Portanto, a etapa de separação solvente sólido de interesse
(princípios ativos) é rápida e fácil.
Os pesquisadores ressaltam
que tanto os compostos extraídos quanto a matéria-prima
ficam livres de resíduos e solventes tóxicos. “Não há agressão
ao meio ambiente ou à saúde”, afirma Maria Angela.
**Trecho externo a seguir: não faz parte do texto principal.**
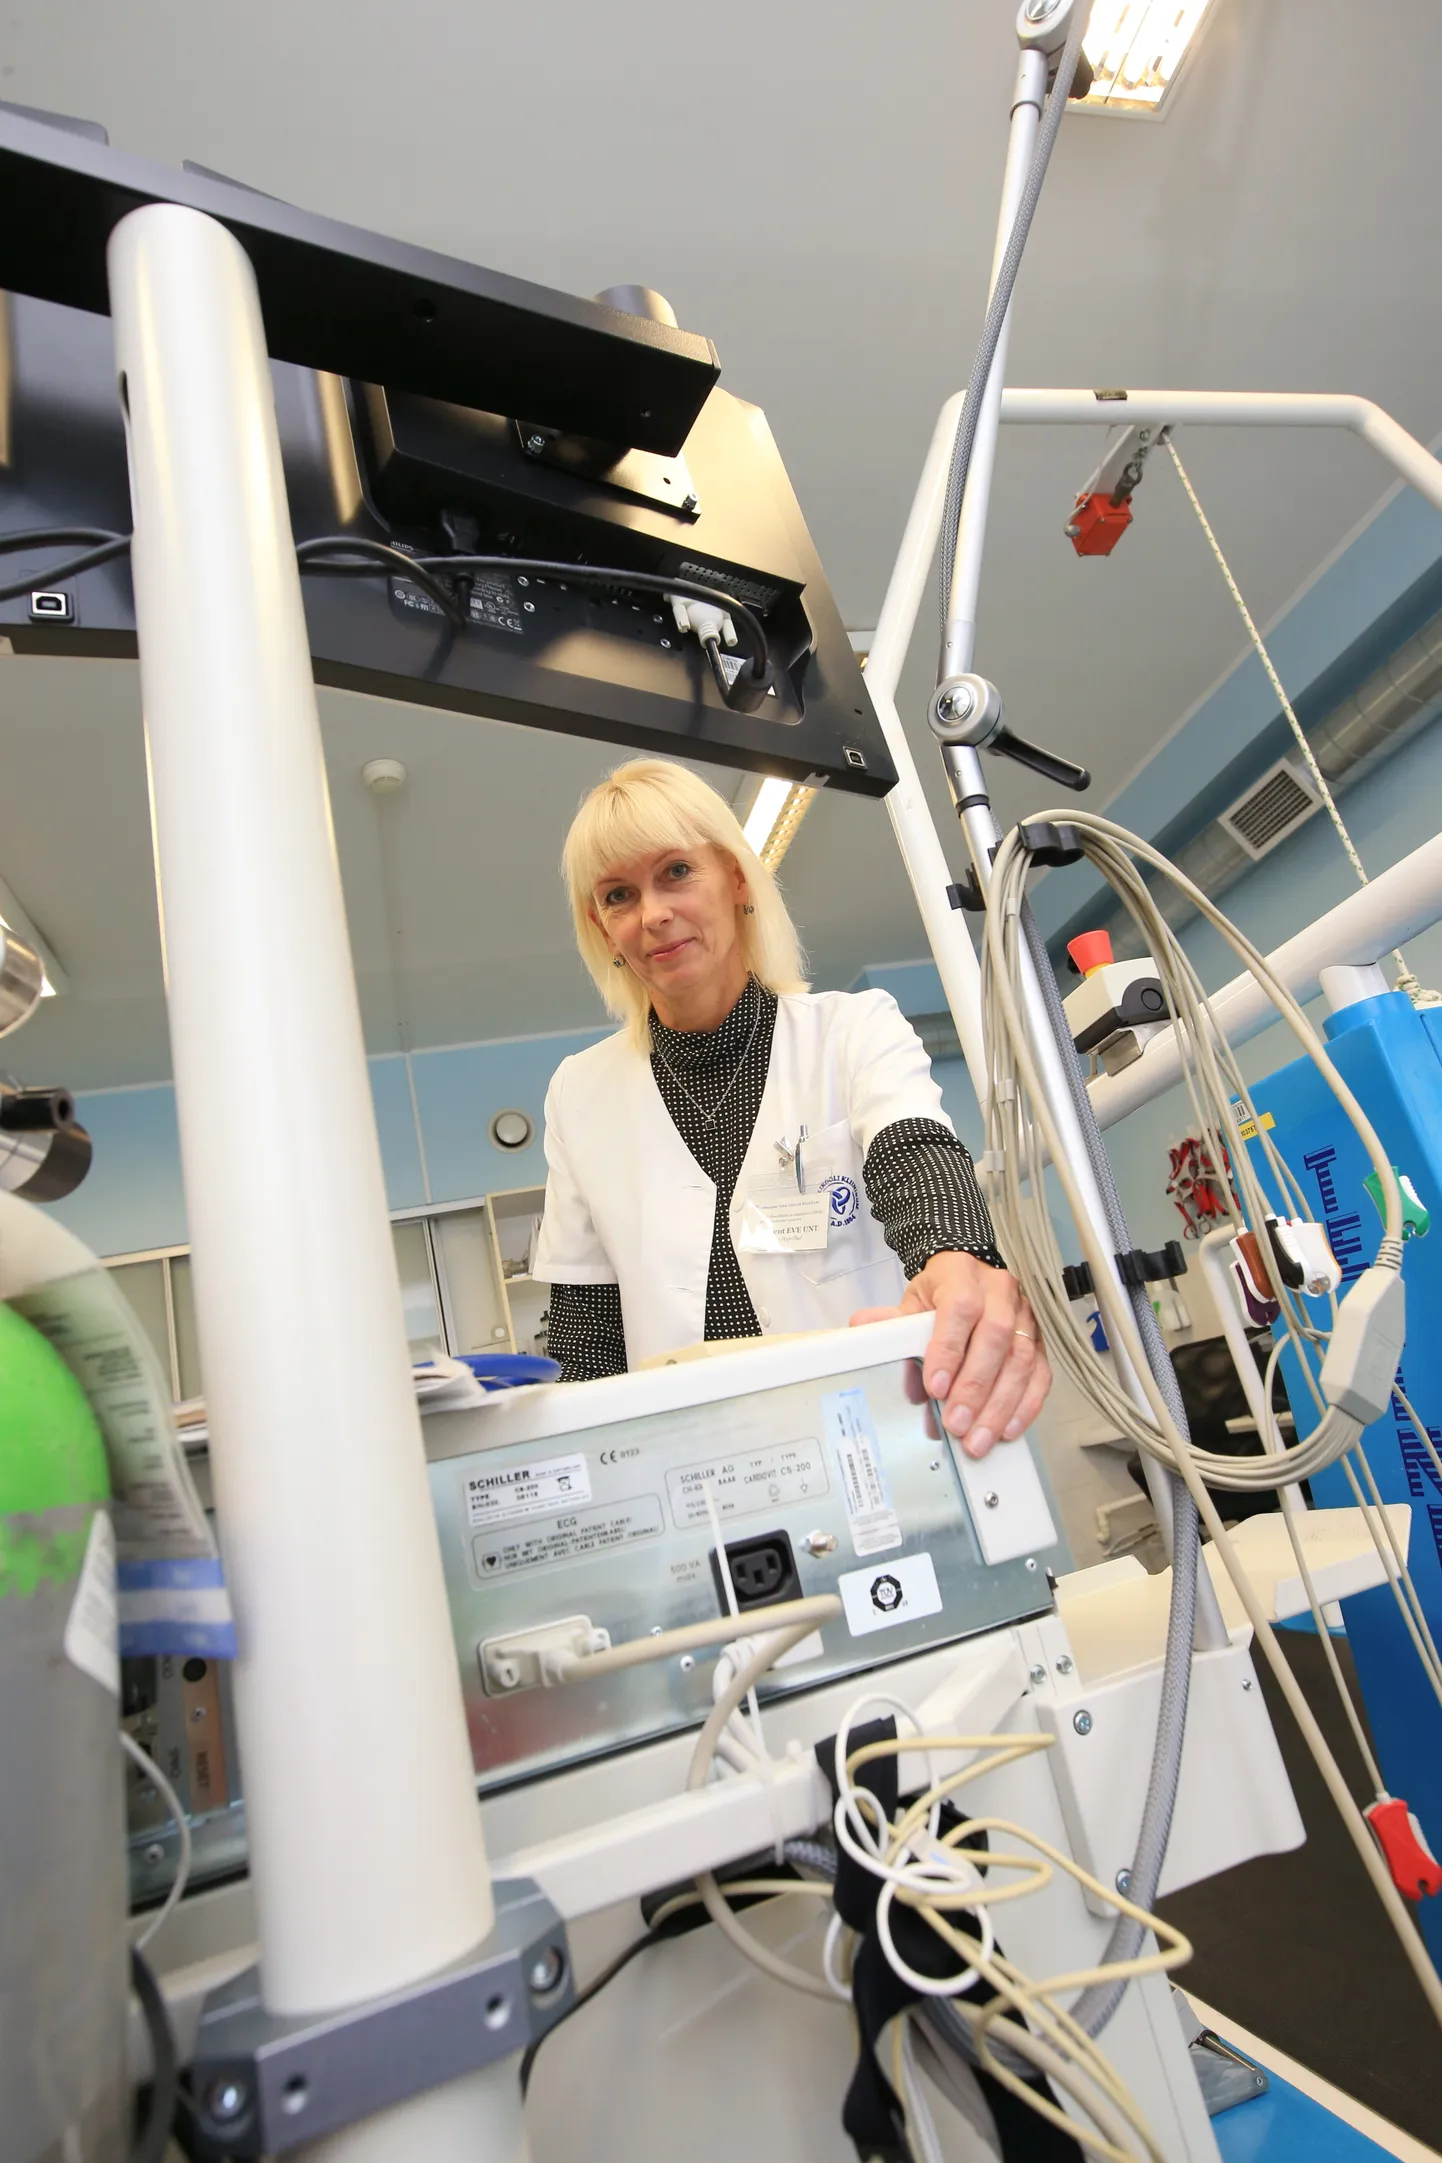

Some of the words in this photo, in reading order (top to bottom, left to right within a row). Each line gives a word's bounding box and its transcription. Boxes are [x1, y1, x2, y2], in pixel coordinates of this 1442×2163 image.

[786, 1226, 801, 1234] EVE
[803, 1225, 819, 1233] UNT
[469, 1470, 531, 1492] SCHILLER
[680, 1468, 715, 1484] SCHILLER
[722, 1464, 734, 1474] AG
[557, 1516, 578, 1529] ECG
As técnicas
de extração convencionais utilizadas apresentam resultados
menos satisfatórios: ou pelo fato de o processo ser altamente
tóxico (devido ao uso de solventes orgânicos tóxicos, como
metanol) ou por apresentar baixo rendimento – quando o solvente
utilizado é água em ebulição, que acaba exigindo, ainda,
uma operação para remoção da água, resultando em elevado
consumo de energia e aumento do custo de produção.
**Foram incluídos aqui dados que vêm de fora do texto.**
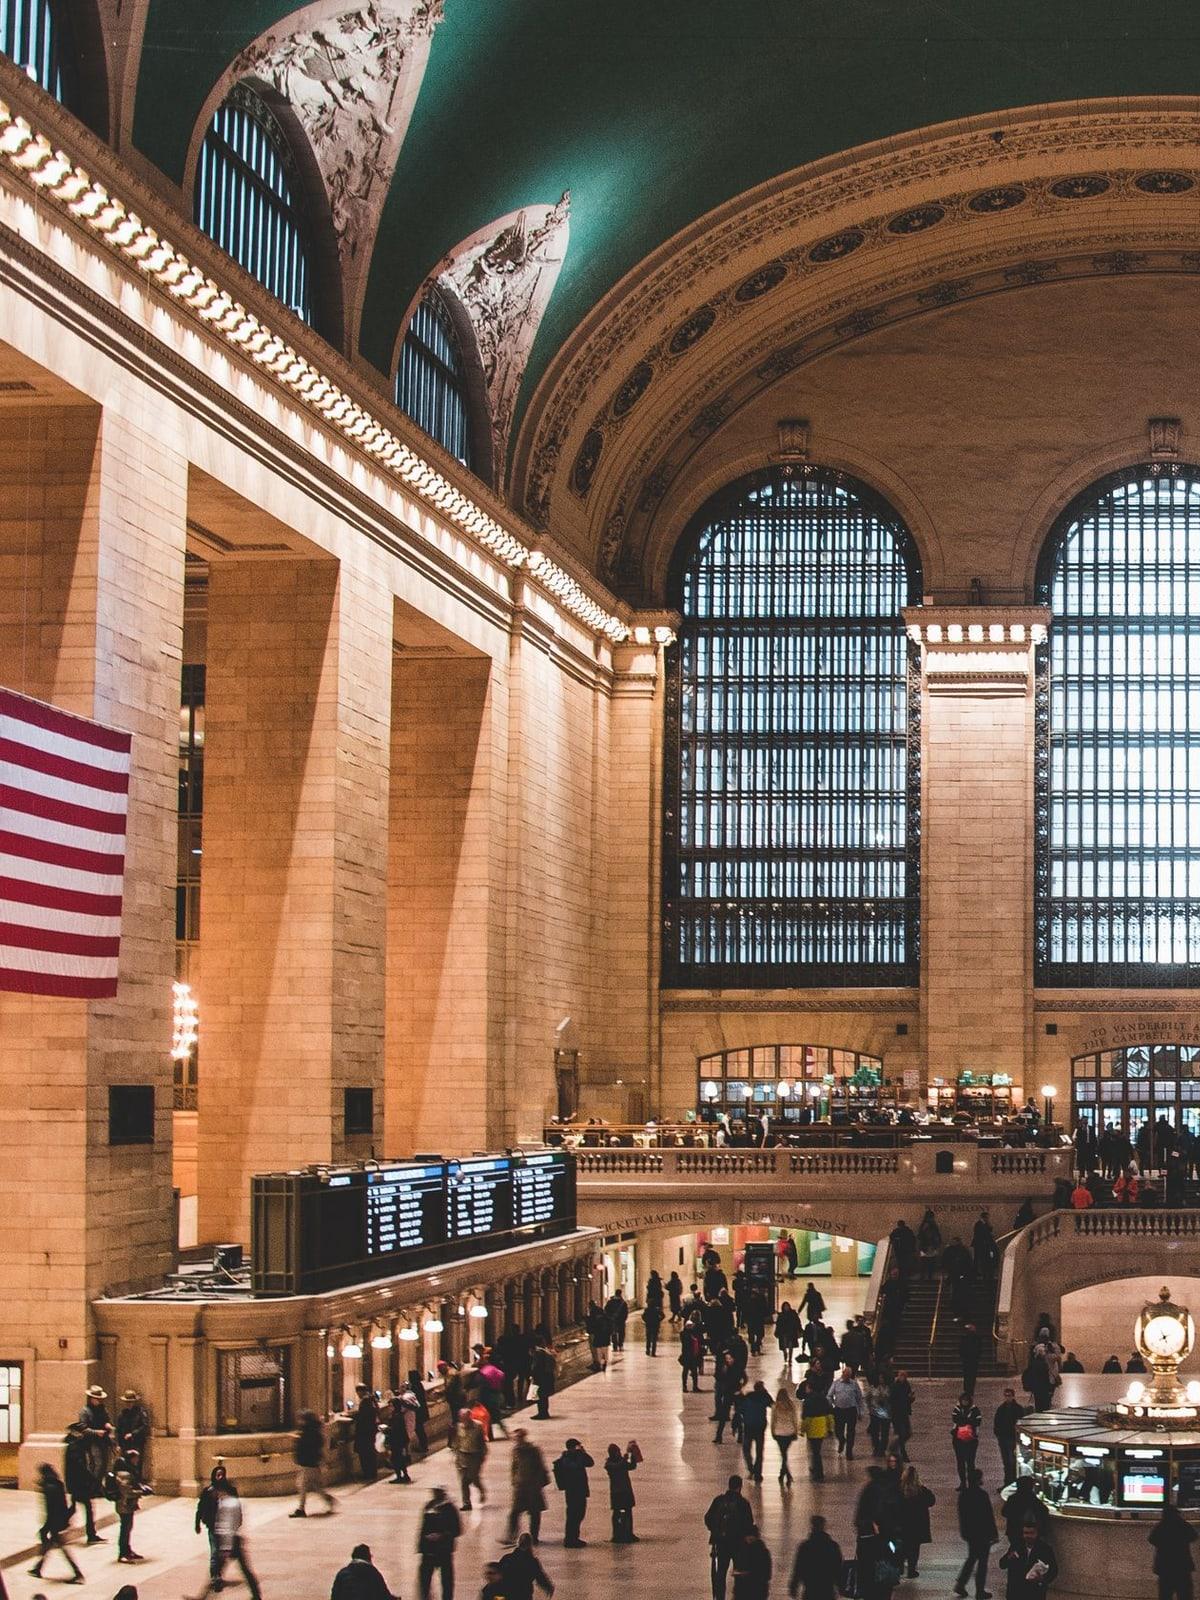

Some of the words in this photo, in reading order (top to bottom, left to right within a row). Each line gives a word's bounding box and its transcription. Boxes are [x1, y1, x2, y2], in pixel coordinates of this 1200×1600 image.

[1092, 1028, 1107, 1039] TO
[1113, 1021, 1186, 1033] VANDERBILT
[1082, 1038, 1107, 1050] THE
[1112, 1031, 1172, 1044] CAMPBELL
[642, 1210, 706, 1226] MACHINES
[746, 1211, 793, 1224] SUBWAY
[801, 1217, 832, 1230] 42ND
[835, 1223, 848, 1233] ST
Além do benefício da tecnologia
limpa (clean technology) ou tecnologia verde (green technology),
com resultado de qualidade e processo rápido, a tecnologia
supercrítica permite a utilização de uma unidade industrial
multipropósito. Patrícia Leal explica que a unidade industrial
pode trabalhar com diversas matrizes vegetais produzindo
diferentes tipos de produtos, de acordo com a necessidade
ou com o princípio alvo de interesse. Levando em consideração
que algumas matérias-primas são sazonais, esta flexibilidade
da planta industrial reforça a viabilidade econômica do
investimento. Esta questão foi seu objeto da tese de doutorado,
defendida em fevereiro de 2008 e intitulada “Estudo Comparativo
entre os custos de manufatura e as propriedades funcionais
de óleos voláteis obtidos por extração supercrítica e destilação
por arraste a vapor”.
“O investimento para implantação
da unidade industrial supercrítica é mais elevado em relação
a outros processos de extração convencionais, no entanto
o estudo de estimativa de custo de manufatura realizado
com diversas matérias-primas demonstrou que o impacto do
custo da matéria-prima é predominante em relação ao custo
do investimento inicial e, portanto, ao comparar o custo
de manufatura entre diferentes processos de extração, a
tecnologia supercrítica é competitiva a longo prazo”, avalia
Patrícia. No exterior existem várias empresas que operam
com tecnologia supercrítica conforme citadas em sua tese
de doutorado. “Vários ingredientes utilizados pela nossa
indústria nacional provêm da importação de produtos obtidos
por tecnologia supercrítica, sem que a maioria tenha esta
informação, como é o caso do extrato de lúpulo utilizado
nas cervejarias nacionais” afirma Patrícia.
Outro fator destacado é
em relação ao solvente. O mundo se prepara para a Conferência
das Nações Unidas sobre Mudanças Climáticas (COP-15), marcada
para dezembro, em Copenhague (Dinamarca), na qual se pretende
definir índices de redução de emissão de gases responsáveis
pelo agravamento do processo de efeito estufa. Enquanto
não há essa definição, uma alternativa para amenizar o problema
é o sequestro de carbono. A tecnologia supercrítica empregada
no extrato de compostos ativos do ginseng brasileiro e outros
quatro pedidos de patente do mesmo grupo de pesquisa utilizam,
justamente, o dióxido de carbono. “É um dos gases responsáveis
pelo efeito estufa”, reforça a professora Maria Angela,
acrescentando que a empresa que implantar esse processo
de extração poderá se beneficiar do sistema de créditos
de carbono.
Planta nativa brasileira,
o ginseng é cultivado no país. De acordo com dados publicados
pela revista Globo Rural (março de 2009), 30 toneladas da
planta são enviadas por mês ao Japão. O questionamento que
a professora Maria Angela faz é em relação à exportação
da matéria-prima bruta, sem valor agregado. “Produzindo
extratos de qualidade, o produto pode alcançar grande competitividade”,
defende. O grupo de pesquisa atua na área de engenharia
de processos e, segundo ressalta Patrícia, o grande desafio
é o de obter um produto diferenciado, com melhores qualidades
sensoriais, isentos de solvente e com características mais
próximas da característica in natura. “Os grandes desafios
normalmente surgem com um problema ou uma necessidade detectada
no mercado”, aponta Patrícia. O composto do ginseng brasileiro,
rico em beta-ecdisterona, é de interesse da indústria que
trabalha com processamento de produtos naturais e que abastece
indústrias farmacêuticas e de cosméticos. Maria Angela e
Patrícia ressaltam que as raízes utilizadas na pesquisa
foram adquiridas da Fazenda Experimental do CPQBA/Unicamp.